Cobalt-sarcophagine complexes exhibit high kinetic inertness under various stringent conditions, but there is limited literature on radiolabeling and in vivo positron emission tomography (PET) imaging using no carrier added Co-55. To fill this gap, this study first investigates the radiolabeling of DiAmSar (DSar) with Co-55, followed by stability evaluation in human serum and EDTA, pharmacokinetics in mice, and a direct comparison with [Co-55]CoCl2 to assess differences in pharmacokinetics. Furthermore, the radiolabeling process was successfully used to generate the NTSR1-targeted PET agent [Co-55]Co-NT-Sarcage (a DSar-functionalized SR142948 derivative) and administered to HT29 tumor xenografted mice. The [Co-55]Co-DSar complex can be formed at 37 degrees C with purity and stability suitable for preclinical in vivo radiopharmaceutical applications, and [Co-55]Co-NT-Sarcage demonstrated prominent tumor uptake with a low background signal.
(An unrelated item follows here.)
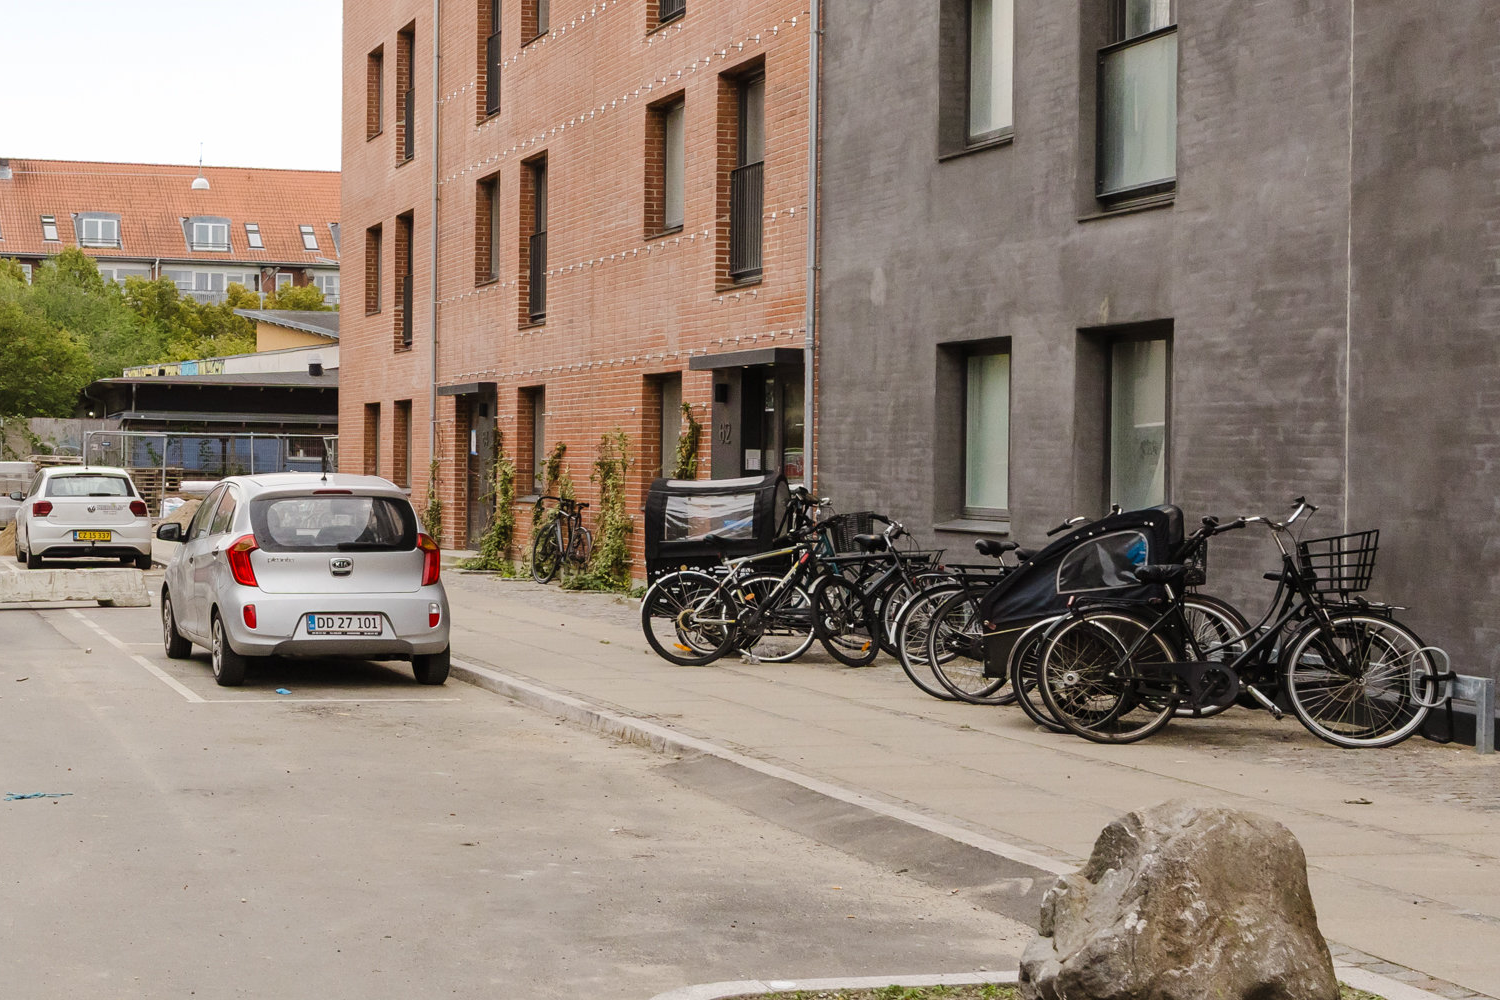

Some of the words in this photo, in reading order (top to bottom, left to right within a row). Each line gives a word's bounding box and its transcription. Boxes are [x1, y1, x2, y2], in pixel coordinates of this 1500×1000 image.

In a direct comparison with [Cu-64]Cu-NT-Sarcage, [Co-55]Co-NT-Sarcage achieved a higher tumor-to-liver ratio but with overall similar biodistribution profile. These results demonstrate that Sar would be a promising chelator for constructing Co-based radiopharmaceuticals including Co-55 for PET and Co-58m for therapeutic applications.